EcoSta 2022: Start Registration
View Submission - EcoSta2022
A0771
Title: Metaheuristic optimization on tensor-type solution via swarm intelligence Authors:  Hsinping Liu - National Taiwan University (Taiwan) [presenting]
Frederick Kin Hing Phoa - Academia Sinica (Taiwan)
Jessica Yun Heh Chen-Burger - Heriot-Watt University (United Kingdom)
Shau Ping Lin - National Taiwan University (Taiwan)

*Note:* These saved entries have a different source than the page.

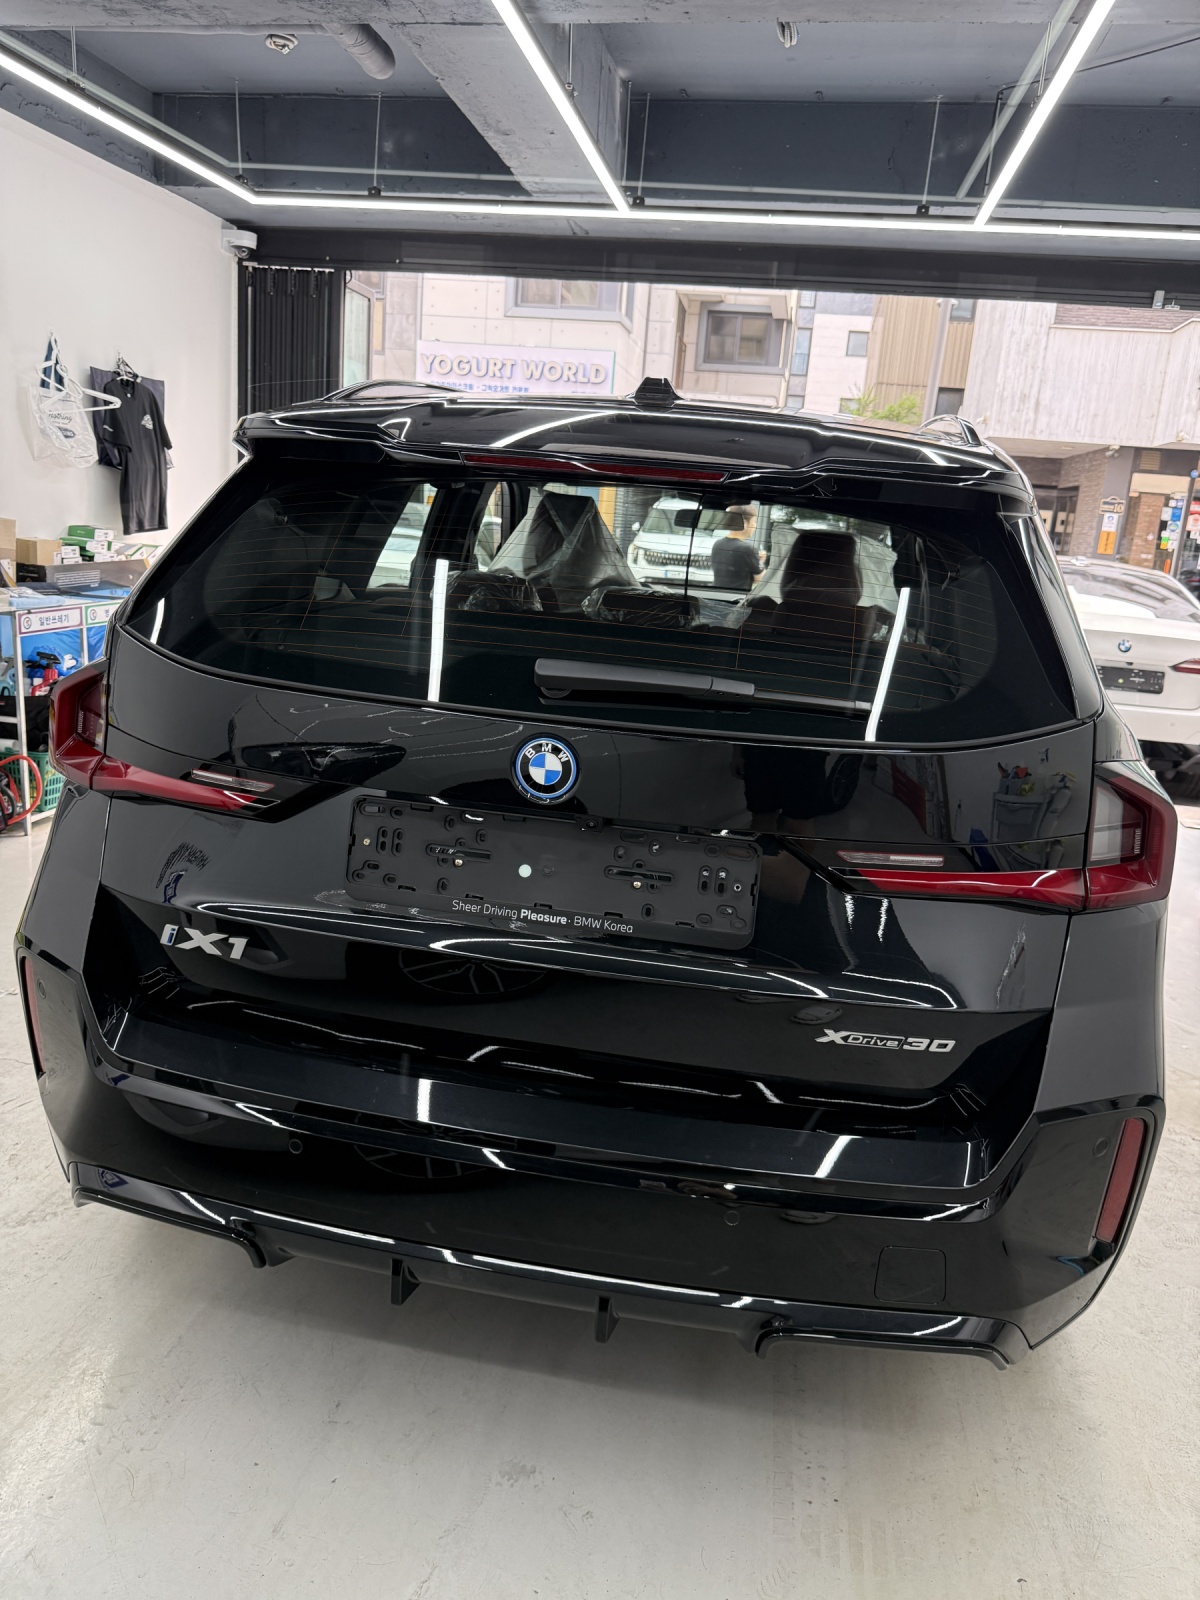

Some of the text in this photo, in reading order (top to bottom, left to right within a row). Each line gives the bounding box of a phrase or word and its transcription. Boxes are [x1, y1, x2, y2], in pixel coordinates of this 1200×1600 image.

[420, 354, 607, 385] YOGURT WORLD
[38, 613, 70, 626] 일반쓰레기
[525, 742, 570, 762] BMW
[452, 899, 481, 913] Sheer
[483, 904, 518, 919] Driving
[573, 915, 602, 929] BMW
[603, 920, 633, 933] Korea

Abstract: Nature-inspired metaheuristic optimization has been widely used in many problems in industry and scientific investigations, but their applications in designing selling schemes are rare because the solution space in this kind of problem is usually high-dimensional, and their constraints are sometimes cross-dimensional. Recently, the Swarm Intelligence Based (SIB) method is proposed for problems in discrete domains, and it is widely applied in many mathematical and statistical problems that common metaheuristic methods seldom approach. We introduce an extension of the SIB method that handles solutions with many dimensions, or tensor solutions in mathematics. We further speed up our method by implementing our algorithm with the use of CPU parallelization. We then apply this extended framework to real applications in designing selling schemes, showing that our proposed method helps to increase the profit of a selling scheme compared to those suggested by traditional methods.